## ASSIGNED TASK
Reproduce the data below in full and exclude every picture.

Saved entries:
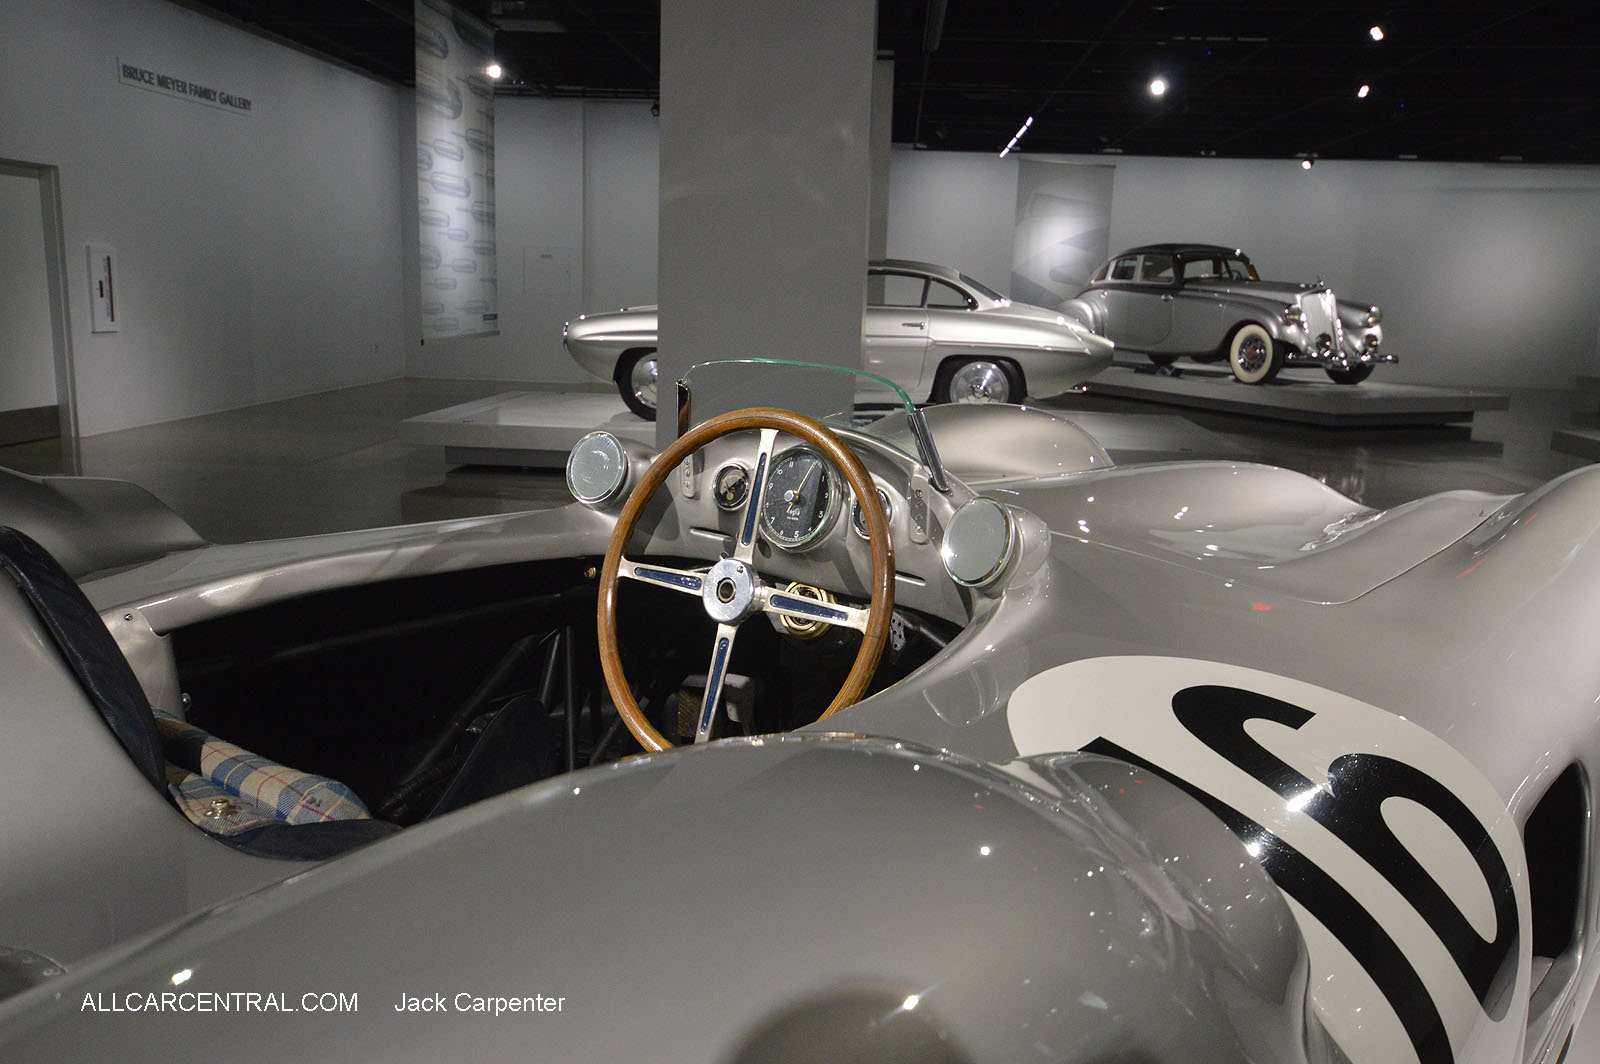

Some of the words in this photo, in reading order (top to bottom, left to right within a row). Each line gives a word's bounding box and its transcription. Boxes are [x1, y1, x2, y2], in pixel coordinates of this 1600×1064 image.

[122, 64, 154, 85] BRUCE
[157, 74, 187, 94] MEYER
[189, 83, 217, 101] FAMILY
[219, 92, 252, 110] GALLERY
[818, 510, 824, 519] 3
[770, 516, 776, 525] 7
[793, 530, 800, 538] 5
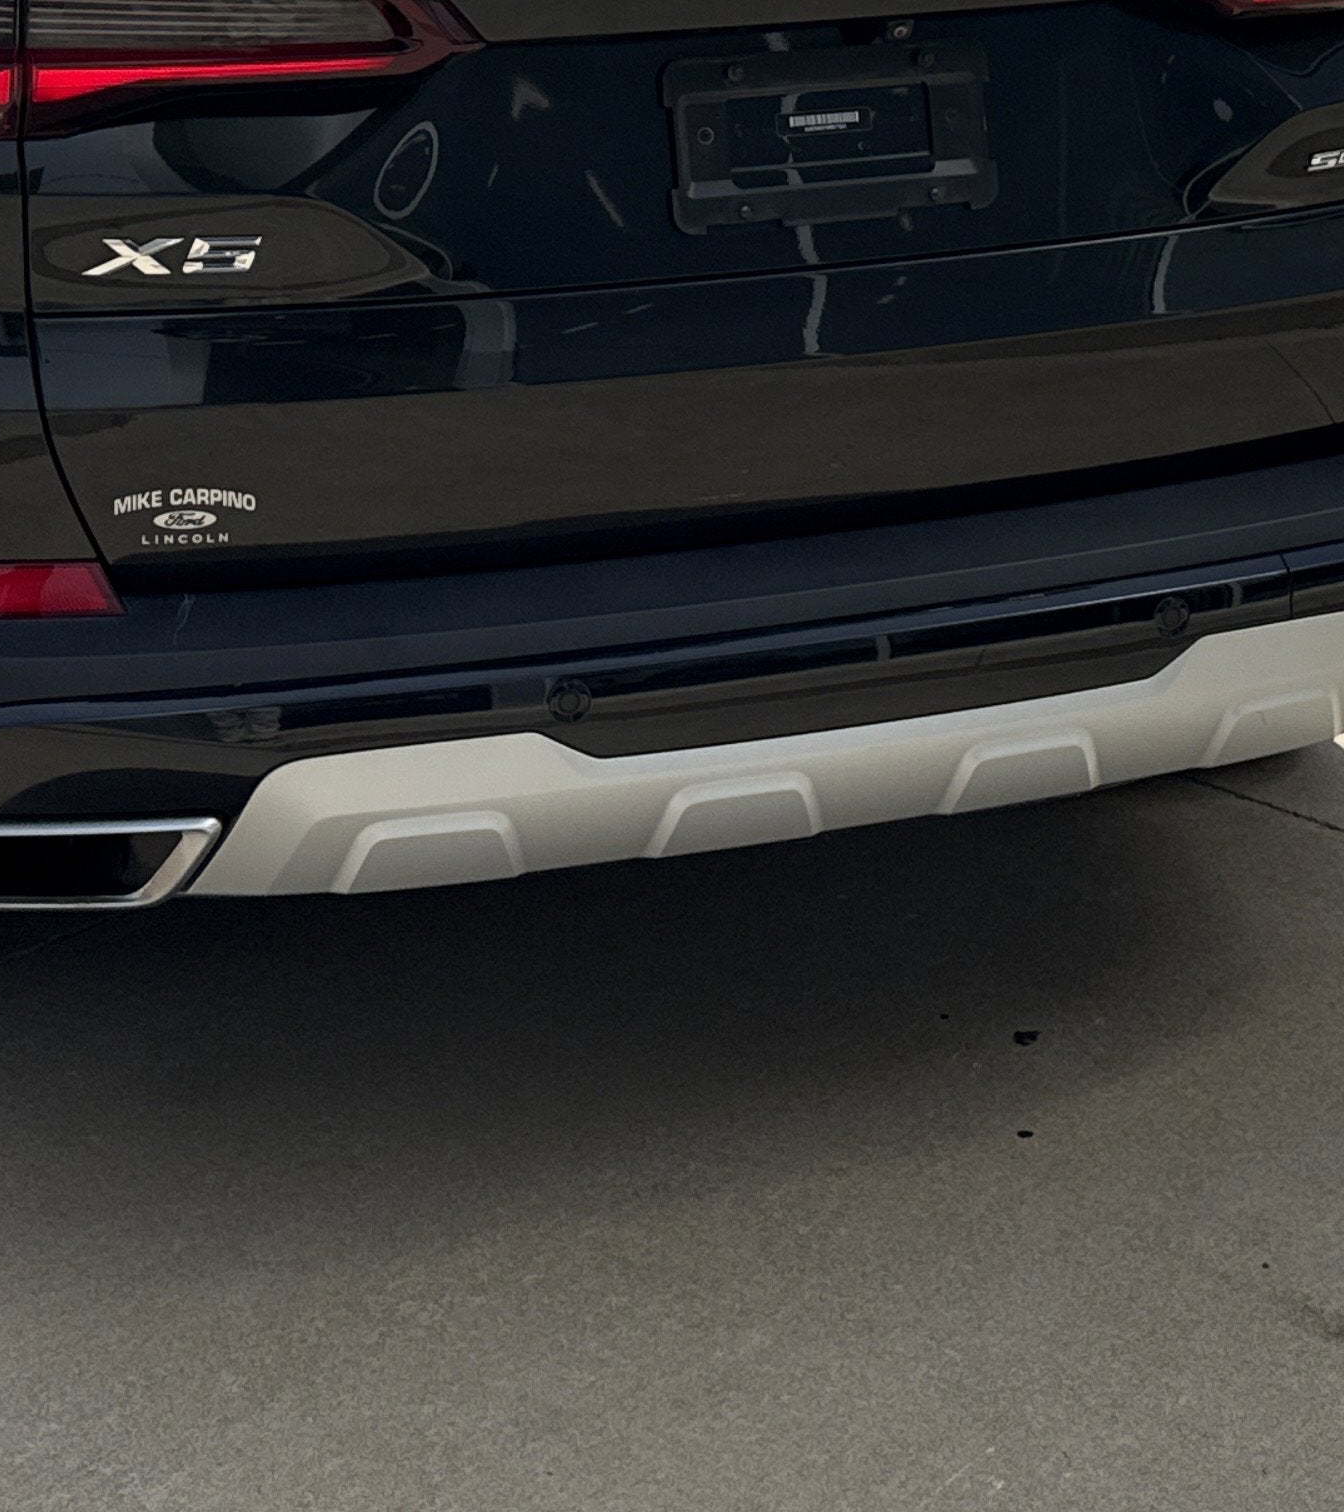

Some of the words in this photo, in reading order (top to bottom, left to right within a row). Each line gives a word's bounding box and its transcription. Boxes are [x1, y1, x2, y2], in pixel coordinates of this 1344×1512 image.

[81, 236, 262, 276] X5
[113, 490, 163, 516] MIKE
[169, 488, 256, 511] CARPINO
[163, 512, 205, 527] Ford
[141, 532, 229, 545] LINCOLN
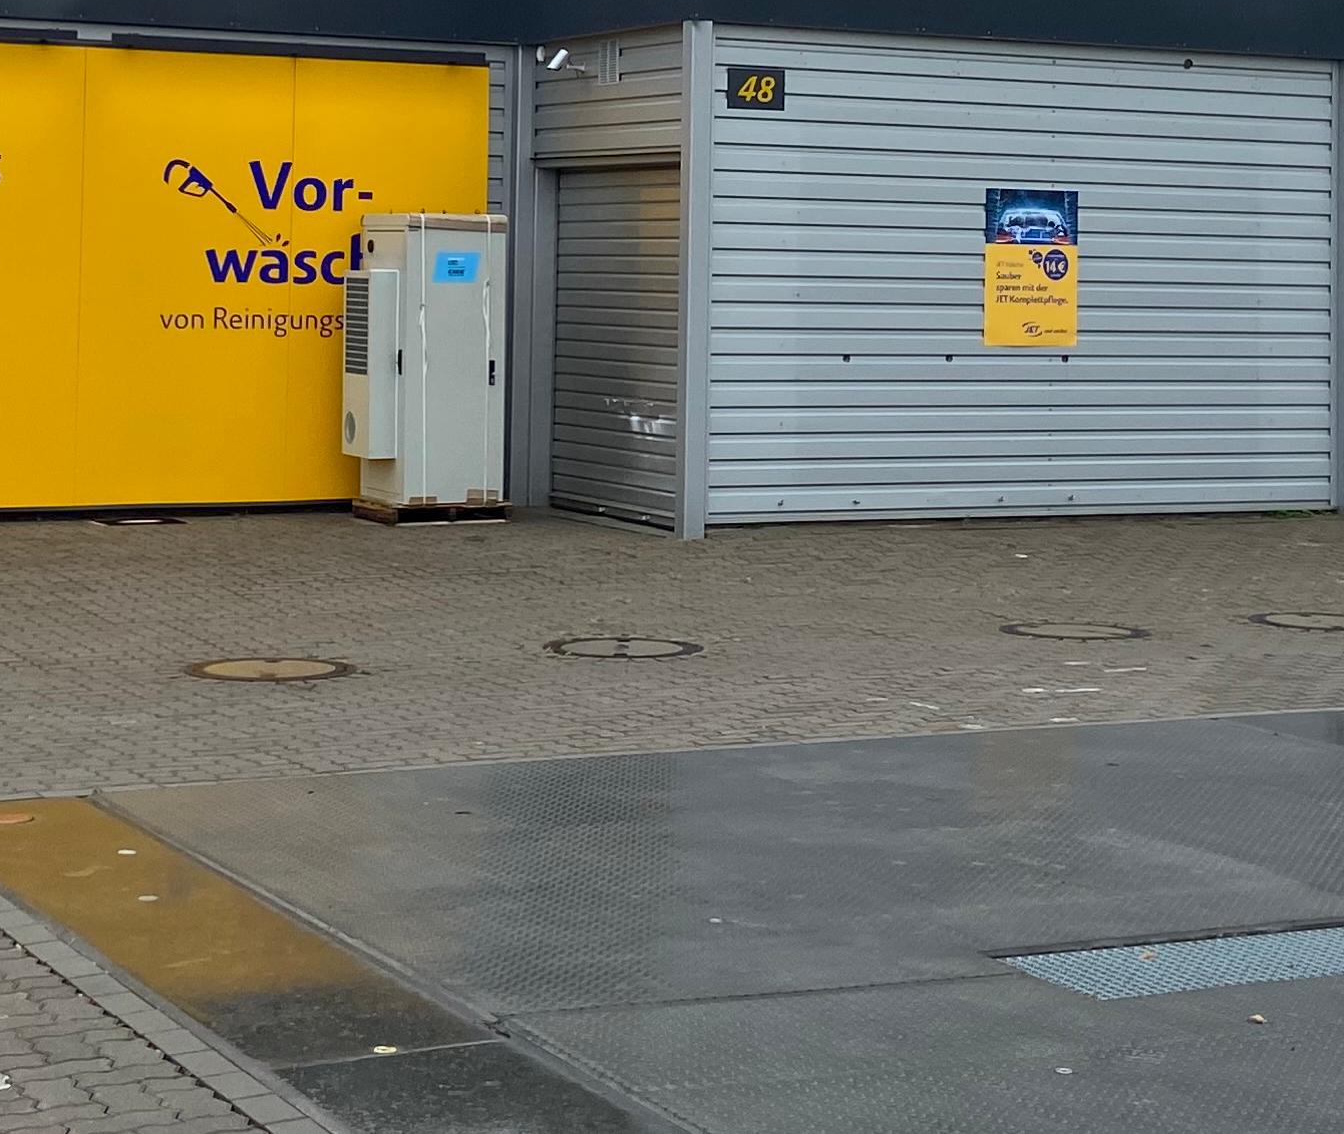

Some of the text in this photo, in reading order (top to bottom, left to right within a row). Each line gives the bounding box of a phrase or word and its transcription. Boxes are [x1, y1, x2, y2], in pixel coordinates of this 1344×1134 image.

## SOLUTION TO THE EXERCISE
Some of the words in this photo, in reading order (top to bottom, left to right within a row). Each line gives a word's bounding box and its transcription. Boxes are [x1, y1, x2, y2], in pixel coordinates of this 1600×1064 image.

[122, 64, 154, 85] BRUCE
[157, 74, 187, 94] MEYER
[189, 83, 217, 101] FAMILY
[219, 92, 252, 110] GALLERY
[818, 510, 824, 519] 3
[770, 516, 776, 525] 7
[793, 530, 800, 538] 5

Some of the words in this photo, in reading order (top to bottom, left to right within a row). Each line gives a word's bounding box and its transcription. Boxes are [x1, y1, x2, y2], in pixel coordinates of this 1344×1512 image.

[81, 236, 262, 276] X5
[113, 490, 163, 516] MIKE
[169, 488, 256, 511] CARPINO
[163, 512, 205, 527] Ford
[141, 532, 229, 545] LINCOLN

Some of the text in this photo, in reading order (top to bottom, left to right within a row). Each line gives the bounding box of a phrase or word and its transcription. Boxes are [x1, y1, x2, y2], in pixel coordinates of this 1344×1134 image.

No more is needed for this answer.